## Requirement
Word for word, write the records out again, but omit each picture.

[Saved data entries]
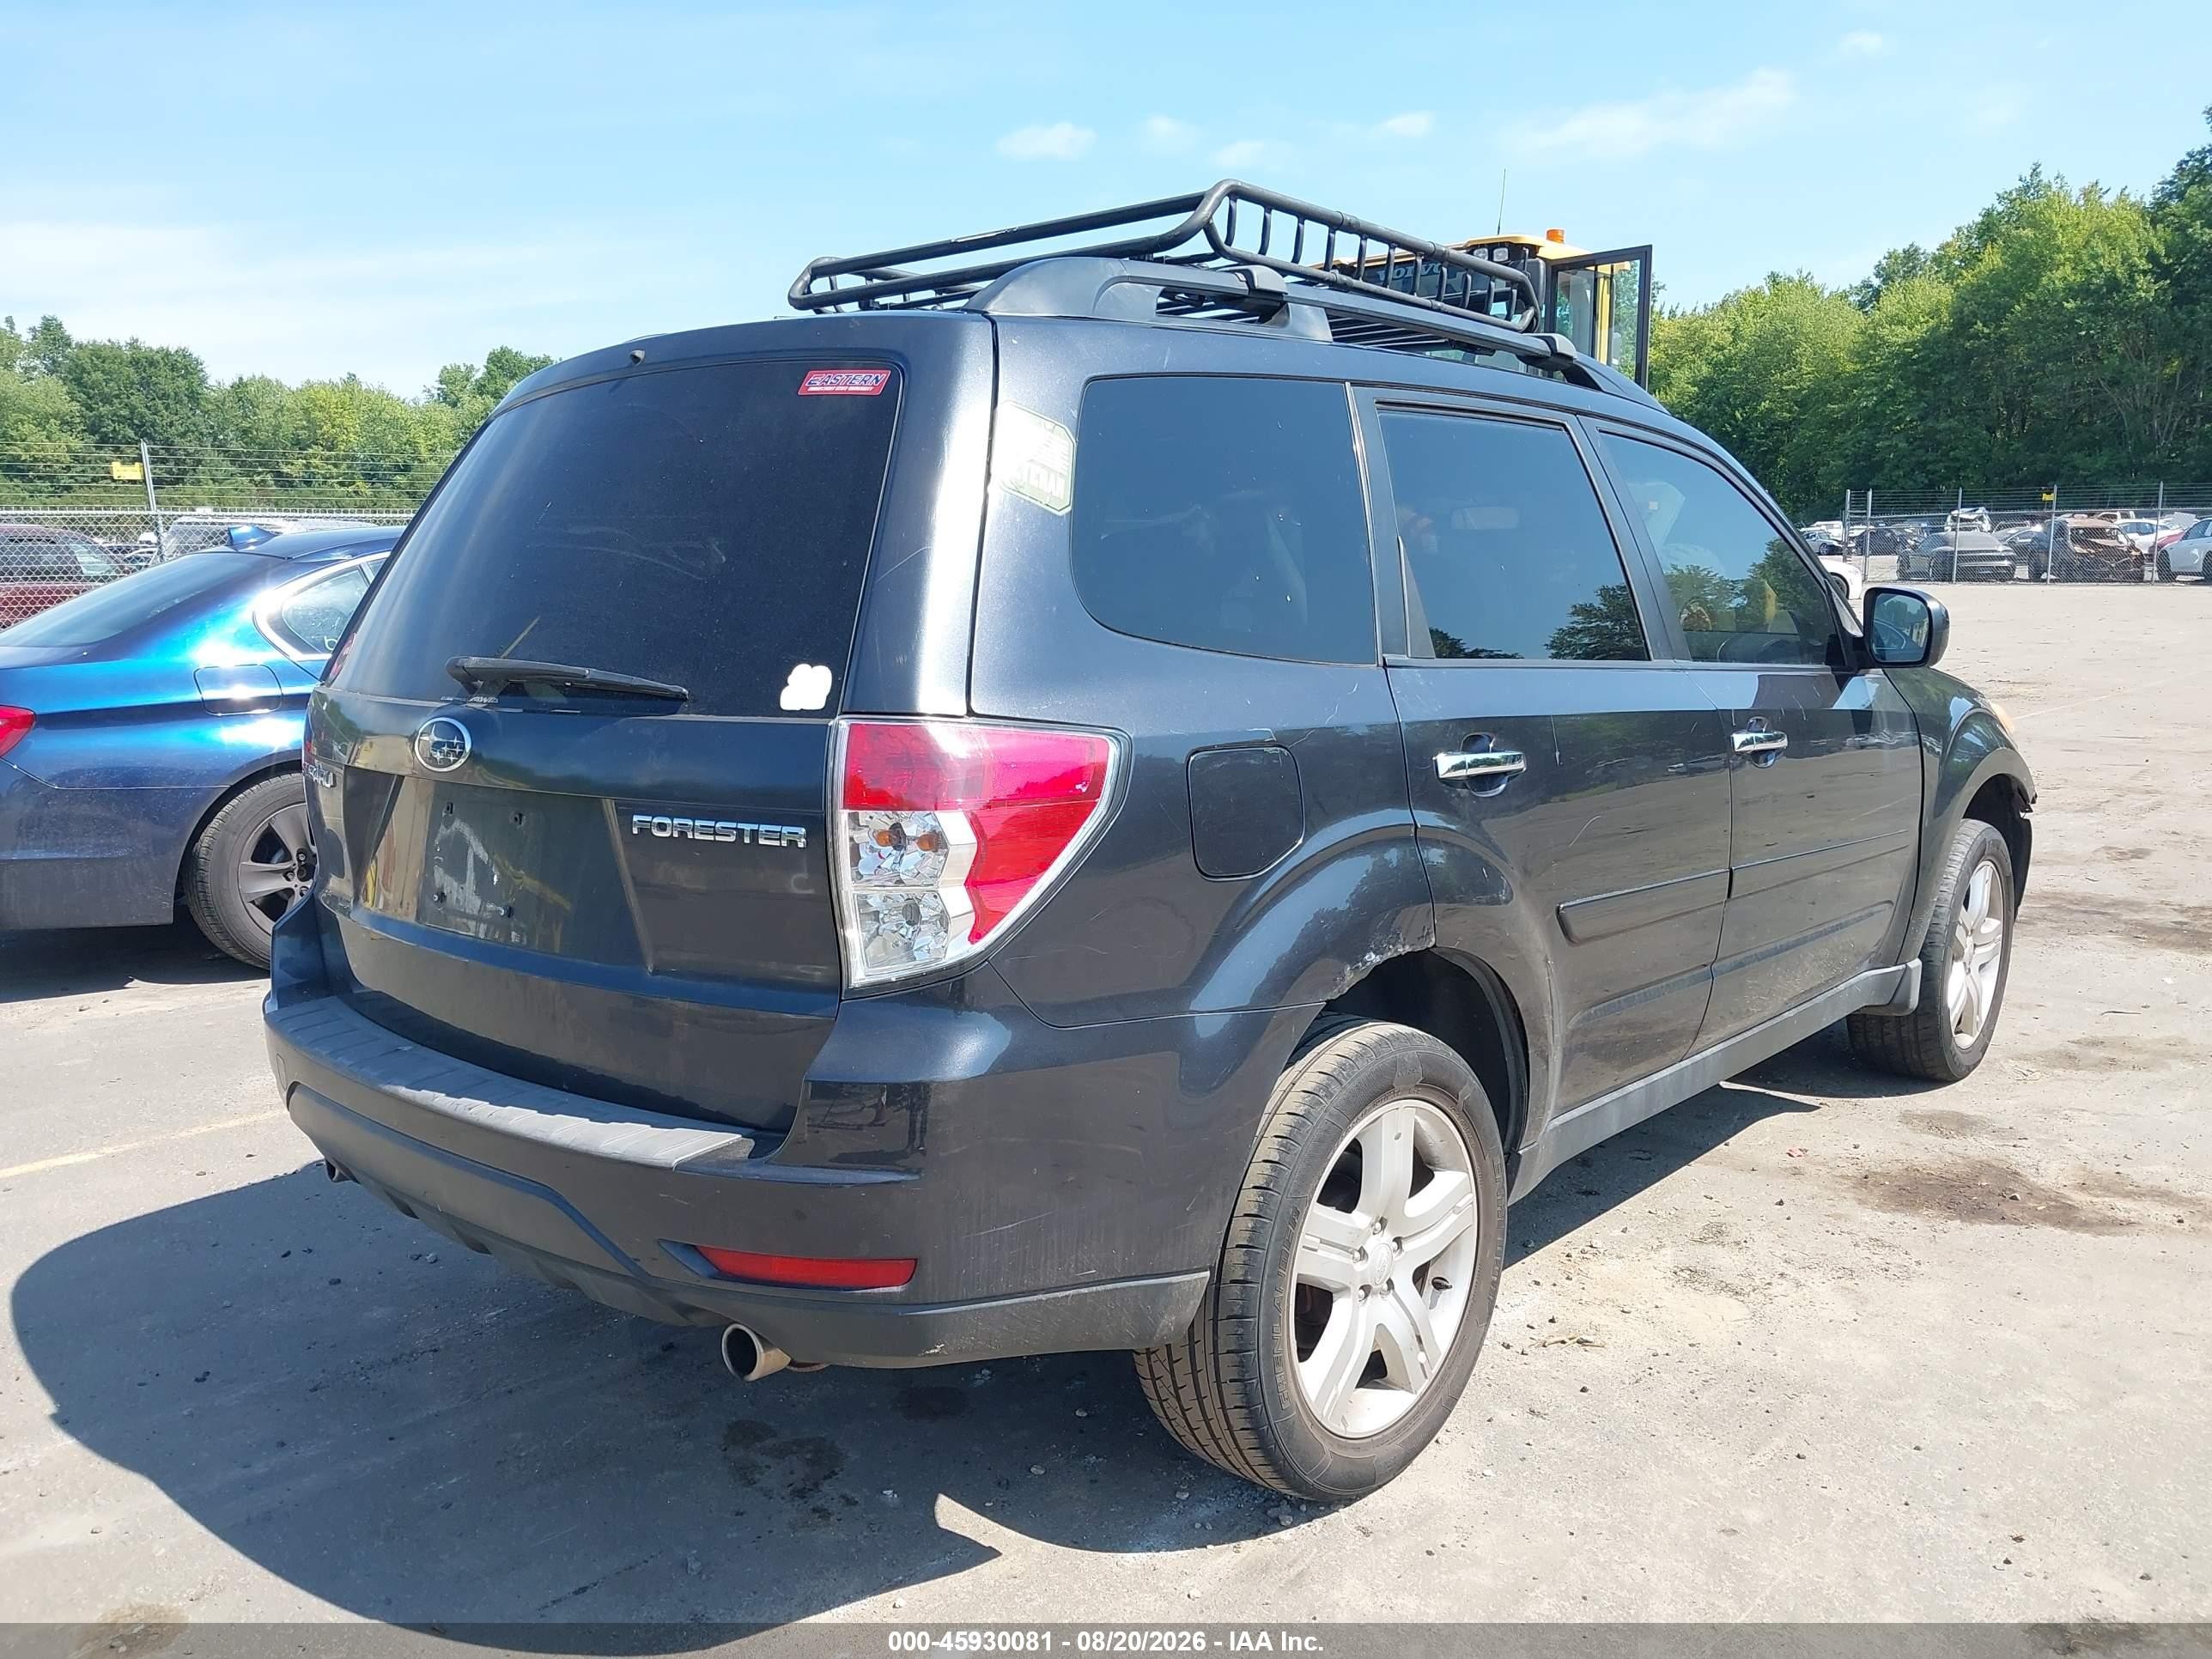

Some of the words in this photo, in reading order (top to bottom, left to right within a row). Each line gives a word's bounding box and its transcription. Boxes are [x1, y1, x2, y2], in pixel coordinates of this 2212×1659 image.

[1376, 262, 1442, 282] VOLVO
[805, 374, 887, 386] EASTERN
[632, 814, 807, 848] FORESTER
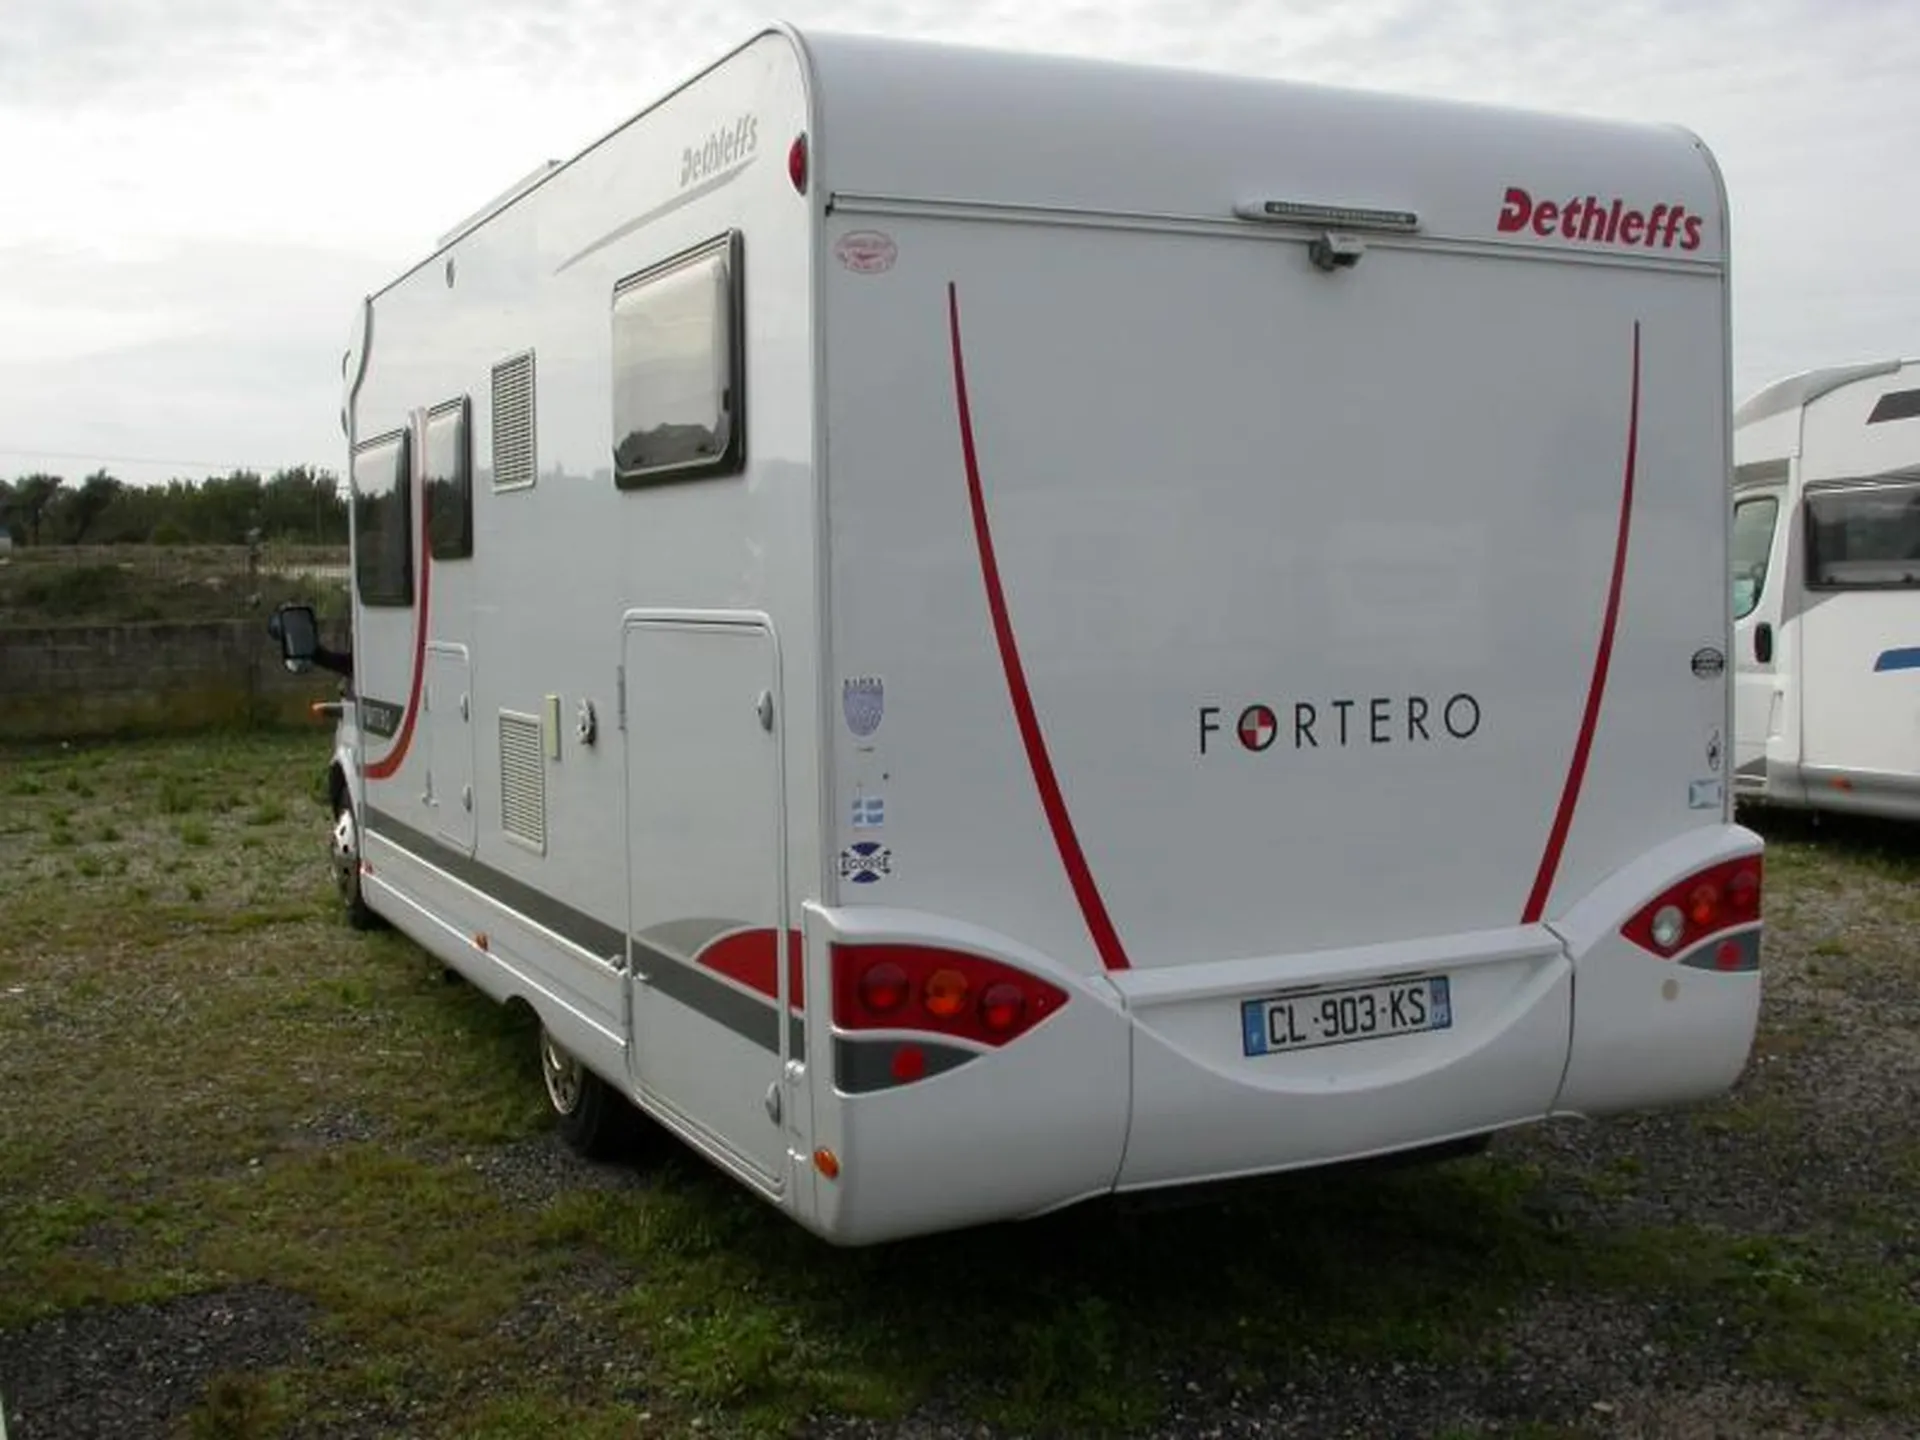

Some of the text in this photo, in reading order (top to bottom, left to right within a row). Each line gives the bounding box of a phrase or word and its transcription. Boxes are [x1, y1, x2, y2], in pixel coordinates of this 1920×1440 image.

[680, 114, 758, 188] Dethleffs
[1497, 187, 1703, 251] Dethleffs
[1199, 693, 1481, 755] FORTERO
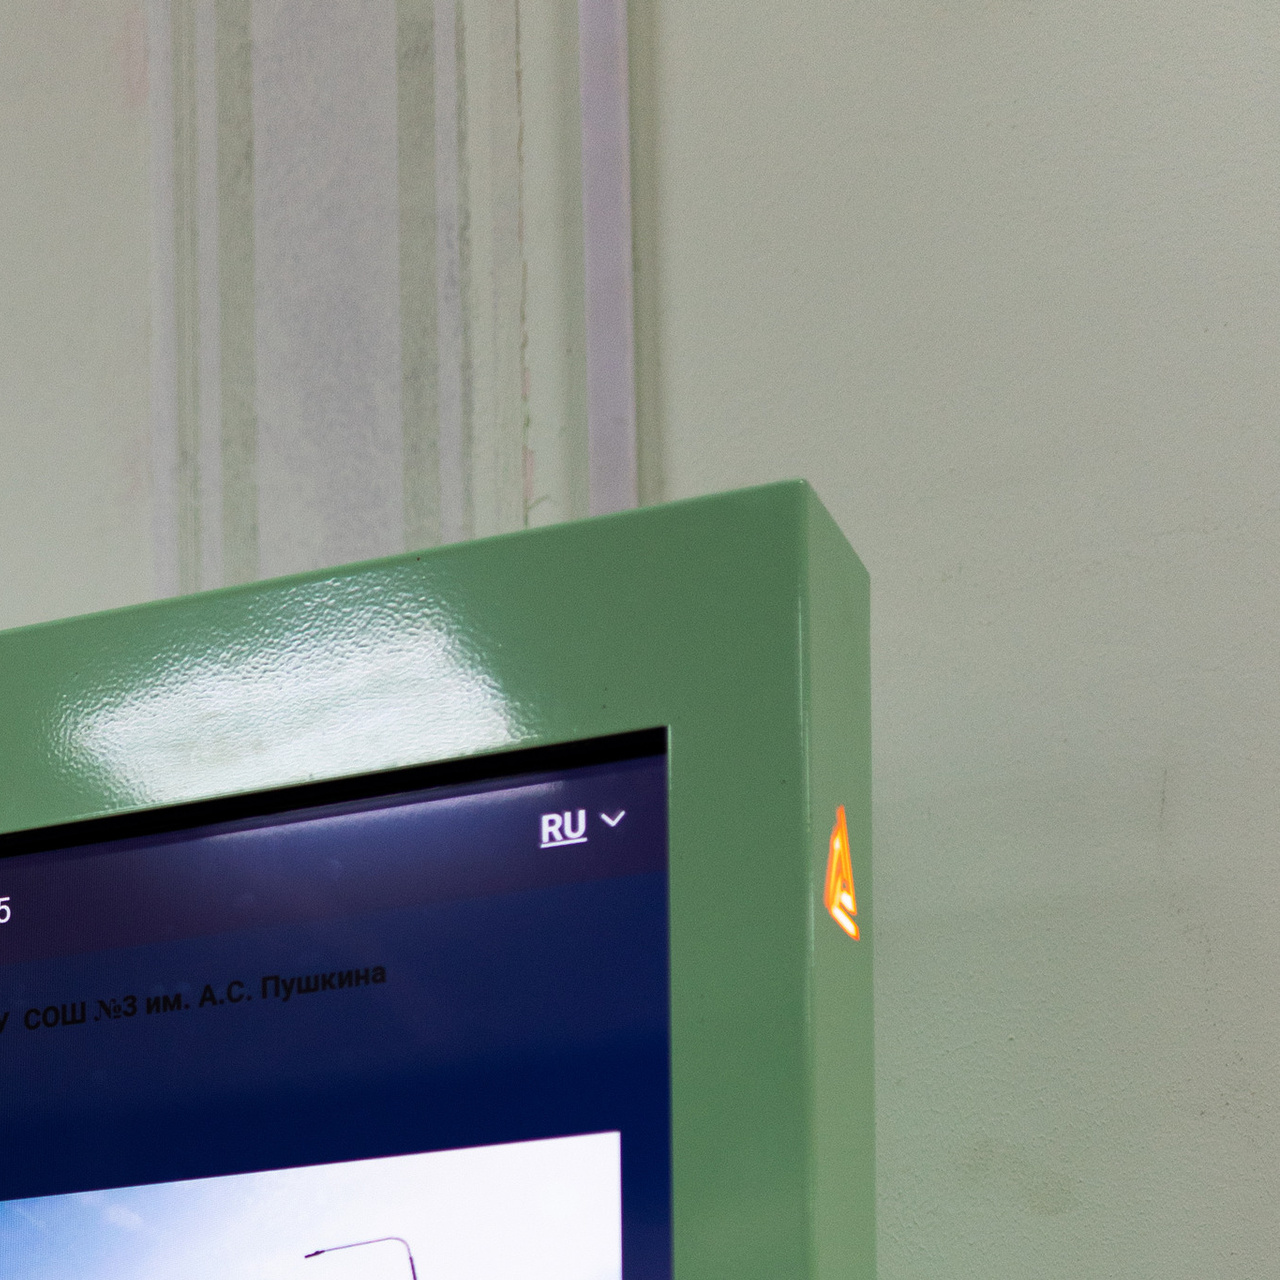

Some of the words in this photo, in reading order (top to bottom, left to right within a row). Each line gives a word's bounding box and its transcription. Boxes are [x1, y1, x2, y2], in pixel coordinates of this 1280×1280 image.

## Answer to the exercise
Some of the words in this photo, in reading order (top to bottom, left to right within a row). Each line gives a word's bounding box and its transcription. Boxes are [x1, y1, x2, y2], in pixel coordinates of this 2212×1659 image.

[1376, 262, 1442, 282] VOLVO
[805, 374, 887, 386] EASTERN
[632, 814, 807, 848] FORESTER

Some of the text in this photo, in reading order (top to bottom, left to right within a row). Each line gives the bounding box of a phrase or word and its transcription. Boxes are [x1, y1, x2, y2], in pixel coordinates of this 1920×1440 image.

[680, 114, 758, 188] Dethleffs
[1497, 187, 1703, 251] Dethleffs
[1199, 693, 1481, 755] FORTERO

Some of the words in this photo, in reading order (top to bottom, left to right within a row). Each line gives a word's bounding box and its transcription. Boxes are [x1, y1, x2, y2], in pixel coordinates of this 1280×1280 image.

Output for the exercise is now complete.